И может, он от души снизошел к незадачливым, на его взгляд, моим обстоятельствам, подставлял плечо.

Когда возник однажды сержант с фотоаппаратом, он крикнул:

– Эй, щелкни!

И на запечатлевшей нас с ним фотокарточке надписал обычные, ходовые в войну слова расставания: «Пускай не я, но образ мой всегда находится с тобой».

Пожилой, невзрачного вида лейтенант – на всем пути он лишь выдавал нам ежемесячное денежное довольствие – до самой последней поры был застенчив, тушевался, должно быть, сознавая незначительность и даже курьезность своей должности бухгалтера в штабе действующей армии. А теперь его всколыхнуло. Никакого комплекса. Помогло дорожное происшествие. На шоссе мчавшийся навстречу «студебеккер» внезапно затормозил перед ним, пешеходом. Как бывало теперь на дорогах, из кабины с приветствием выскочил огромный негр водитель. Подхватил его, тщедушного, на руки, пламенно прижал к груди, выражая восхищение Красной Армией, и в упоении подбрасывал бухгалтера вместе с его портфелем в воздух. Натерпевшись страха, уцелев – не грохнулся о бетон шоссе, – застенчивый бухгалтер вдруг ярко ощутил свою причастность к героическим событиям войны.

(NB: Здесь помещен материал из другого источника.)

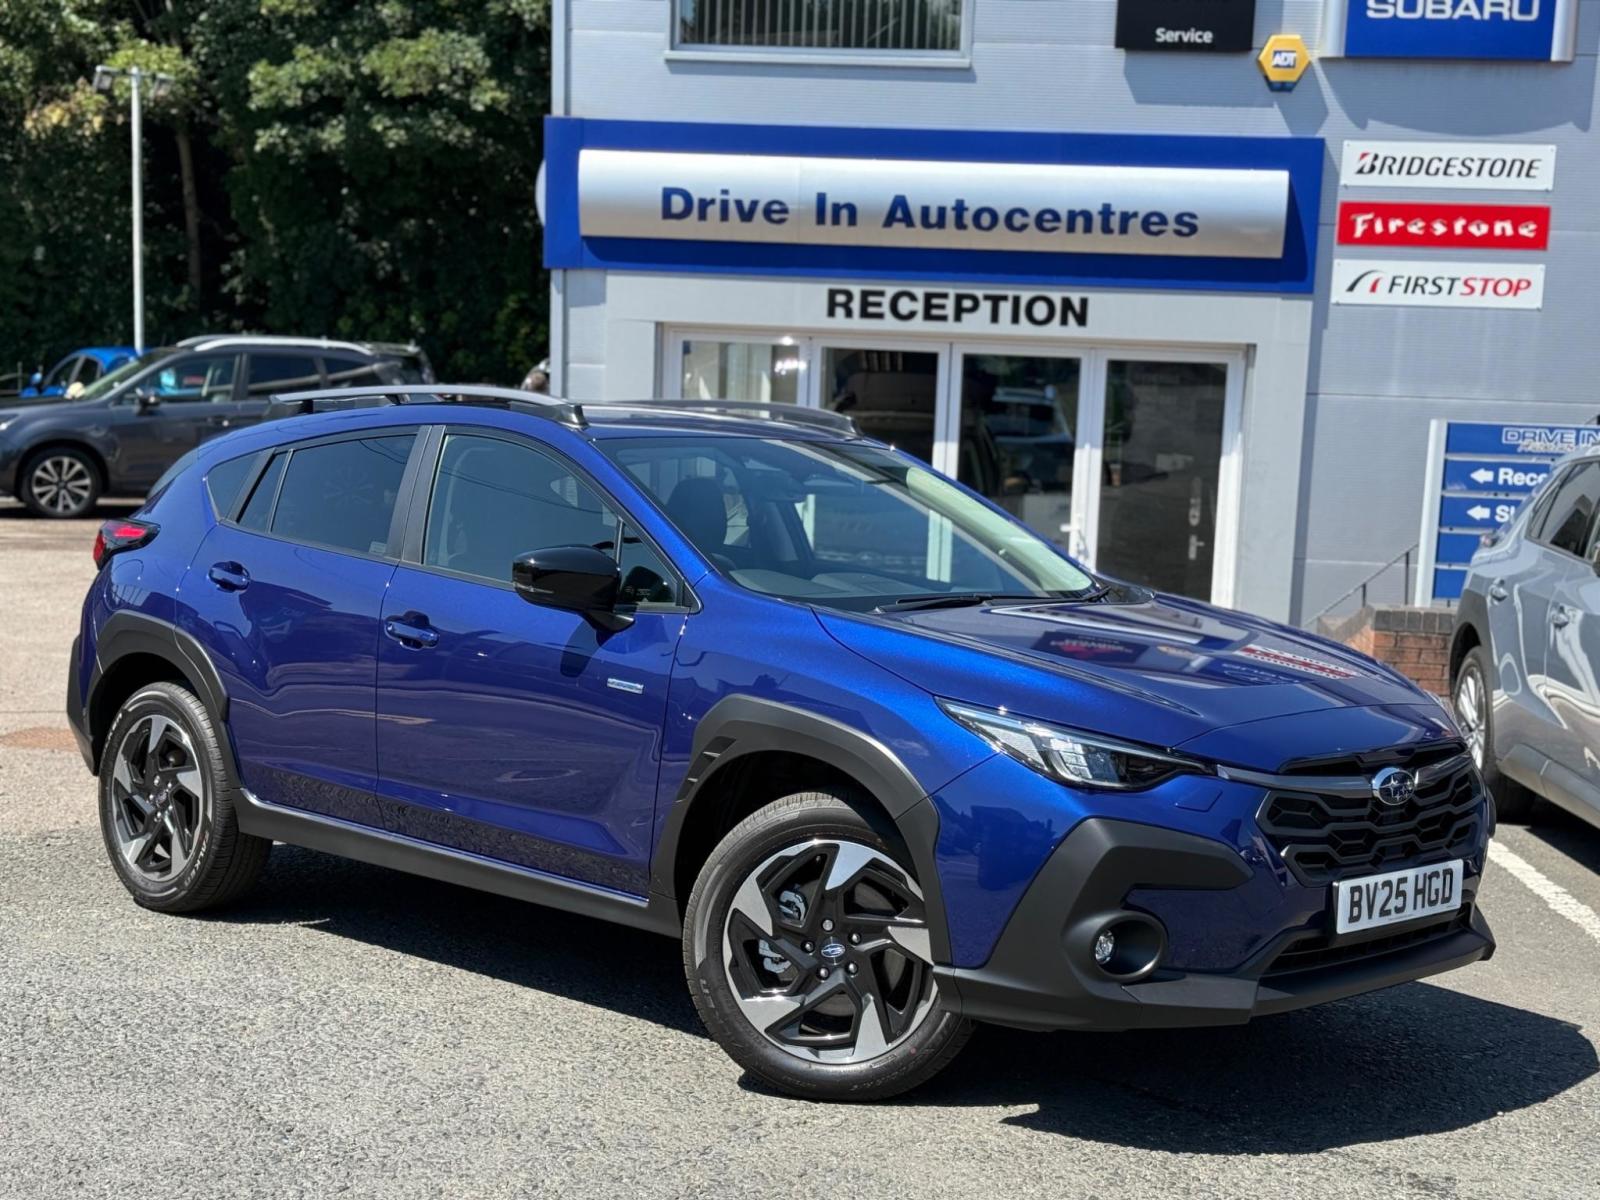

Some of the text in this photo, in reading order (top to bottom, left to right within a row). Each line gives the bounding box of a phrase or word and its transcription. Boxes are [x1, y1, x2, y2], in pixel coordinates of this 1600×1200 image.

[1366, 0, 1540, 21] SUBARU
[1155, 27, 1213, 43] Service
[1272, 52, 1296, 67] ADT
[1355, 152, 1542, 178] BRIDGESTONE
[661, 186, 1199, 237] Drive In Autocentres
[1351, 212, 1538, 238] Firestone
[826, 288, 1089, 327] RECEPTION
[1502, 427, 1577, 445] DRIVE
[1348, 868, 1454, 924] BV25 HGD
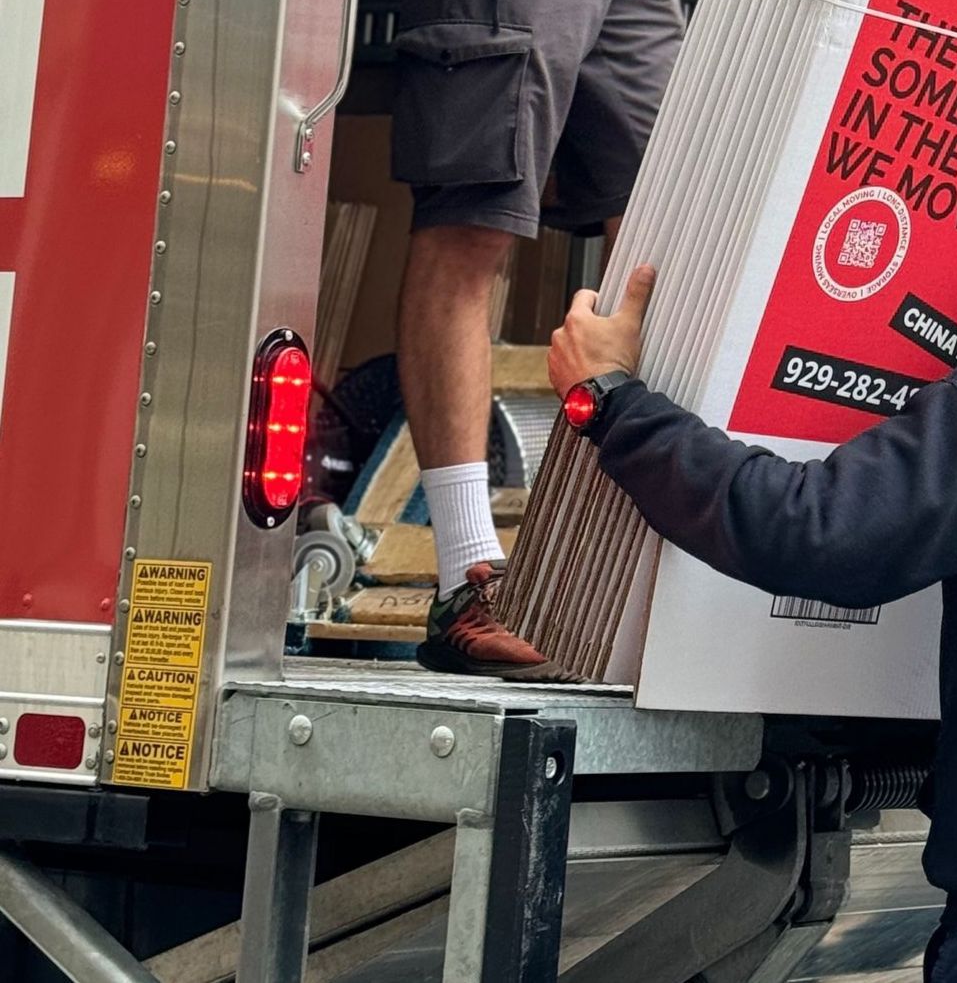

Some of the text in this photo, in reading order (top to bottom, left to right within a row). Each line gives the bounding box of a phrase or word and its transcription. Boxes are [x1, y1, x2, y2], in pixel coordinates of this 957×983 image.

[840, 89, 892, 141] IN
[826, 131, 895, 187] WE
[842, 190, 875, 209] MOVING
[883, 192, 901, 210] LONG
[821, 207, 843, 234] LOCAL
[898, 208, 908, 250] DISTANCE
[867, 262, 899, 294] STORAGE
[904, 308, 957, 356] CHINA
[783, 357, 920, 411] 929-282-4
[149, 567, 205, 581] WARNING
[144, 609, 201, 626] WARNING
[138, 670, 195, 684] CAUTION
[139, 709, 183, 723] NOTICE
[131, 742, 185, 759] NOTICE

Мы развернули скатанные в рулоны и зашитые в чехлы, пахнувшие нафталином старые, потертые ковры и расстелили их на полу. Вероятно, нам хотелось пожить так, как жили здесь, в доме до нас эти люди, вкусить их уютного немецкого быта.

Может, мы спешили: когда же еще будет так удобно и вроде беспечно?

Старое плюшевое кресло, серый выгоревший шелк торшера, горка с фарфором. Все на местах. И моль домовито вьется в душные вечера над полом, у самых ковров. И по всему торцу дома багряные листья вьющегося винограда. А на крыльце вечерами загорается старинный кованый фонарь. Куда ж лучше? А все чего‑то недостает. Нет уюта. Не получается. В доме без хозяина быта нет. Здесь всего лишь – постой. Но на постое на фронтовых пристанищах, в землянках нам было куда уютнее, беспечнее, просторнее и прочнее. Жена хозяина трудится в крохотном саду при доме, где все время на смену одним плодам поспевают другие. А на крыльце дремлет беспородный рыжий хозяйский пес Трудди. Хозяин приносит ему что‑то поесть в кульке, пес глотает и с тихим повизгиванием лижет ему руки, бежит за ним, крутя вскинутым пружинистым хвостиком, провожая к густой стене кустарника, тянущейся вдоль бульвара, отделяя от него нашу улицу. Еще недавно никто – ни хозяин, ни пес – не посмел бы проламываться сквозь кусты.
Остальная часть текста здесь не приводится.